▶ WHAT THIS TASK INVOLVES
Reproduce exactly the lines from the line containing "this 2212×1659 image." through the last line of the listing, and no others.

▶ THE INPUT

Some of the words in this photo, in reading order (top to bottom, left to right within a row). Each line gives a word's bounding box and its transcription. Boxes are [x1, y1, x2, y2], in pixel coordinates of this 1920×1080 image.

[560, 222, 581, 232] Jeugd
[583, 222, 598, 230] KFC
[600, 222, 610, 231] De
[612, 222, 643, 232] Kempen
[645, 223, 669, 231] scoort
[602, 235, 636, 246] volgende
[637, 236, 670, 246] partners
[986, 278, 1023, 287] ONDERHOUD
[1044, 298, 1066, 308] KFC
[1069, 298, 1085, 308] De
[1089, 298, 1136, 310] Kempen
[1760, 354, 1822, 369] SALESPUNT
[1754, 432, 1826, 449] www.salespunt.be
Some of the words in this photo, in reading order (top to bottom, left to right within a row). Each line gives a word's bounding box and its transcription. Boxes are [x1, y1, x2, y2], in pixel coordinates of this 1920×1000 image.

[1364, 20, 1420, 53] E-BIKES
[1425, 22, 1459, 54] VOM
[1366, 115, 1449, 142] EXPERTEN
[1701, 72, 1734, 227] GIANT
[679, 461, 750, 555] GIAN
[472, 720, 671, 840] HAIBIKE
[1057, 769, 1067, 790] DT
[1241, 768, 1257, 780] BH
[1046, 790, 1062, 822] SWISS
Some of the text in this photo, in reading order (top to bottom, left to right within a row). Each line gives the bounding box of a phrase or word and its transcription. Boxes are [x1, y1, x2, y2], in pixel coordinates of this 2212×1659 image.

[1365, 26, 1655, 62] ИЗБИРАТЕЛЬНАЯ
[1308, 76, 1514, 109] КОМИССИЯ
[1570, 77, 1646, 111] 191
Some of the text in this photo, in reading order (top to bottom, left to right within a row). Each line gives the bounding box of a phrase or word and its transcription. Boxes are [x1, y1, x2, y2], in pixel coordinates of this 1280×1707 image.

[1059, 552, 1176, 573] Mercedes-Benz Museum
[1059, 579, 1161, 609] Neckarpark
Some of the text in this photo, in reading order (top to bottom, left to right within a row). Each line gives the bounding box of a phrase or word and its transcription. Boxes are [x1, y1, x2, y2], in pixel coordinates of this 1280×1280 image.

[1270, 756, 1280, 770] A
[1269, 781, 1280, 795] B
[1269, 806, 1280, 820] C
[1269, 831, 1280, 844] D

▶ RESULT
Some of the text in this photo, in reading order (top to bottom, left to right within a row). Each line gives the bounding box of a phrase or word and its transcription. Boxes are [x1, y1, x2, y2], in pixel coordinates of this 2212×1659 image.

[1365, 26, 1655, 62] ИЗБИРАТЕЛЬНАЯ
[1308, 76, 1514, 109] КОМИССИЯ
[1570, 77, 1646, 111] 191
Some of the text in this photo, in reading order (top to bottom, left to right within a row). Each line gives the bounding box of a phrase or word and its transcription. Boxes are [x1, y1, x2, y2], in pixel coordinates of this 1280×1707 image.

[1059, 552, 1176, 573] Mercedes-Benz Museum
[1059, 579, 1161, 609] Neckarpark
Some of the text in this photo, in reading order (top to bottom, left to right within a row). Each line gives the bounding box of a phrase or word and its transcription. Boxes are [x1, y1, x2, y2], in pixel coordinates of this 1280×1280 image.

[1270, 756, 1280, 770] A
[1269, 781, 1280, 795] B
[1269, 806, 1280, 820] C
[1269, 831, 1280, 844] D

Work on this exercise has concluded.